The organization spent two years preparing for the PSO's launch, says Roger Burke, vice president of managed care business development for Tenet Healthcare. (See story on pros and cons of forming a PSO, p. 51.)

"The application [to HCFA] looks like a telephone book out of Chicago; it's quite thick," Burke says. "One of the things we learned is you have to become [like] an HMO," Burke adds. "A lot of people don't realize that even though they may have a well-run hospital and integrated delivery system, to take that another step to become a full-blown HMO is quite another leap."

So far, Burke says, the PSO looks promising, having enrolled between 1,200 and 1,400 seniors since the first marketing campaign began in September 1997.

"It's been very well received so far, and the seniors seem to be quite happy with the program," Burke notes. "We hope to take the experience we've learned in New Orleans possibly to rural markets where opportunities exist to do a similar product."

The federal government's motivation in creating the PSO vehicle for Medicare contracting is clear. Providers can take over the risks of Medicare cost increases, and therefore, save the government money, says James Reynolds, president of Reynolds & Co., a managed health care consulting company in New York City.

Eliminating the middleman

Providers may be tempted to start a PSO because it's one way to eliminate the insurance middleman and allow physicians and hospitals to keep more of the Medicare dollar.

It also gives providers more control over how health care is managed for the Medicare population, says Laurie J. Levin, JD, an attorney who specializes in health care at Baker & Hostetler in Orlando, FL. "Providers can make sure they know what type of care for patients makes sense and what doesn't make sense."

Starting a PSO would make the most sense for certain types of providers, Gorman says. These include:

· Providers who have experience in global capitation and in the delegated functions of a health plan, such as claims processing, medical management, quality assurance, and improvement.

· Providers who have experience with Medicare risk and managing that risk both operationally and medically. Integrated delivery systems in Florida and on the West Coast are most likely to have this kind of experience.
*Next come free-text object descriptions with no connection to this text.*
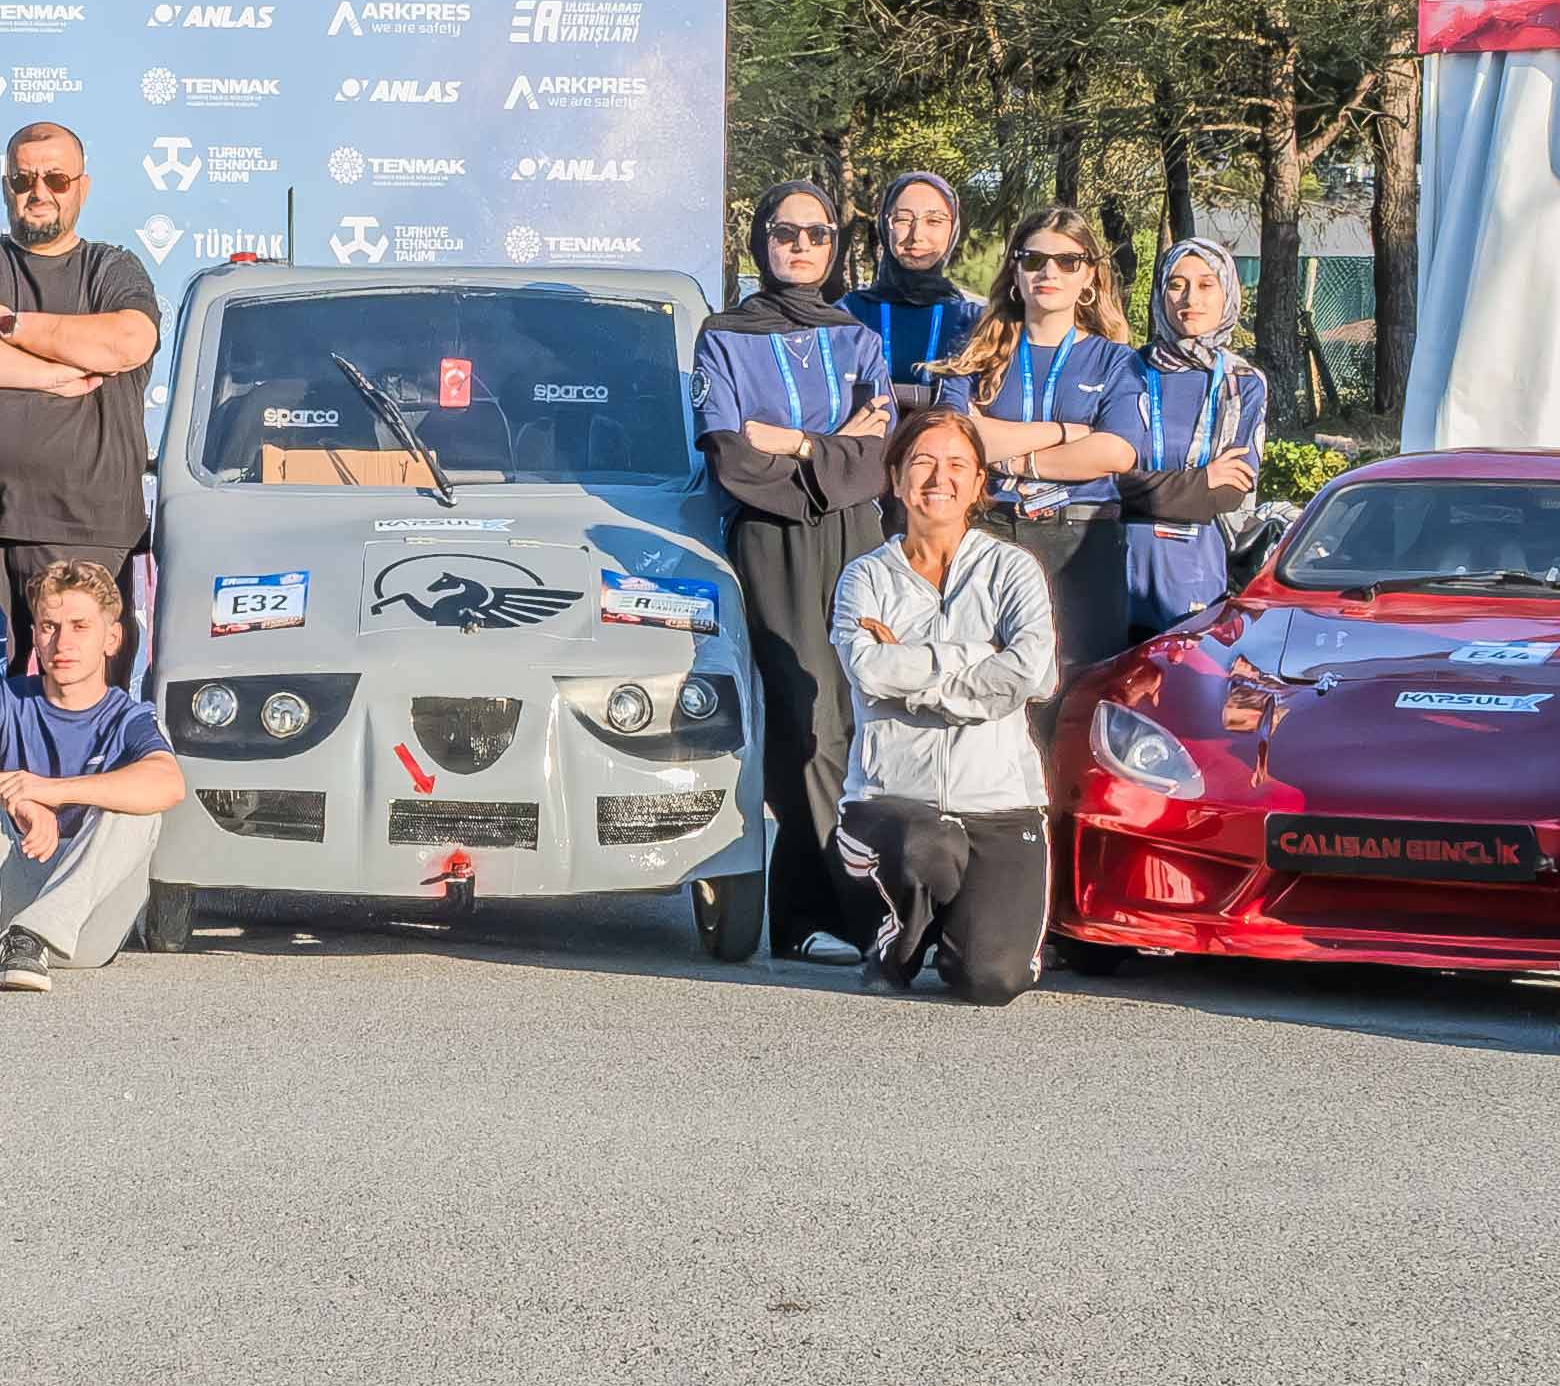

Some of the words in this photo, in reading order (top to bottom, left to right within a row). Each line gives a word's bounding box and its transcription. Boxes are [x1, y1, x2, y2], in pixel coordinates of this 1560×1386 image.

[183, 5, 276, 28] ANLAS
[362, 2, 471, 22] ARKPRES
[371, 23, 393, 35] we
[394, 23, 418, 35] are
[181, 78, 281, 95] TENMAK
[369, 80, 463, 103] ANLAS
[538, 76, 647, 95] ARKPRES
[368, 157, 466, 175] TENMAK
[545, 159, 638, 182] ANLAS
[193, 227, 284, 259] TÜBİTAK
[542, 235, 642, 253] TENMAK
[533, 383, 609, 402] sparco
[263, 407, 339, 427] sparco
[232, 594, 289, 615] E32
[1401, 693, 1510, 707] KAPSUL
· Providers who have a large market share of Medicare beneficiaries in their areas. "If you're the provider of record in your community, then the chances are that Medicare beneficiaries are going to know you and trust you, and you don't have to worry about payer retribution as much because the payers are not going to be able to live without you," Gorman says.
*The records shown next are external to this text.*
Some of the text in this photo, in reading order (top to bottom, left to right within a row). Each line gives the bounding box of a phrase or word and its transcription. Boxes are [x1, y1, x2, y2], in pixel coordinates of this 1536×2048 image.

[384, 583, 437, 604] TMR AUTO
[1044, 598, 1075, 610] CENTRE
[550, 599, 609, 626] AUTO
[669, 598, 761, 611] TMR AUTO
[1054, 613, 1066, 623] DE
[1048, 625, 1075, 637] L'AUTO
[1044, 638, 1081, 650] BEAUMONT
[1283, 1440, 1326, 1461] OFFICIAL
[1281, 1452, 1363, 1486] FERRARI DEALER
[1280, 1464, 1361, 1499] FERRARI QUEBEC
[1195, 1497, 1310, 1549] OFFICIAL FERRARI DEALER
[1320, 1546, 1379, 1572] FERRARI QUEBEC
Still, the challenge is daunting. "PSOs are a risky business. They are new, they are inexperienced, and many of them are small," says Jo Ann Lamphere, DrPH, associate director of the Public Policy Institute of the American Association of Retired Persons in Washington, DC. "All of these factors in the HMO industry have been associated with failure."

Also, PSOs likely will have to follow the same sort of stringent regulations that now are applied to HMOs that contract with Medicare, says Colleen Dowd, MHS, vice president of Baptist- St. Thomas Health Associates, a managed care services organization sponsored by two health systems in Nashville, TN.

"Basically, if Medicare HMOs have to have cash reserves to operate, then providers would have to have comparable cash reserves," Dowd says. "They need to expect they'll have to go through the same kind of scrutiny. We're recommending providers go into this not to get away from HMOs, but to look at it as a way to take on some of the traditional responsibilities of a Medicare HMO."

Gorman says newly formed PSOs should expect to lose a great deal of money in their first year of operation and should also expect to not break even for at least two years.

"History says that a large portion of these PSOs are not going to make it because of their inexperience or inability in managing risk," he explains.

In the late 1970s and early 1980s, the federal government had a loan program that capitalized two dozen PSOs to contract with Medicare, and most of them failed by the second year with not a single one surviving beyond the fifth year, Gorman says.

Likewise, a good portion of PSOs also will not survive, he predicts. "They'll jump in for all the right reasons and will have failed for all the predictable reasons."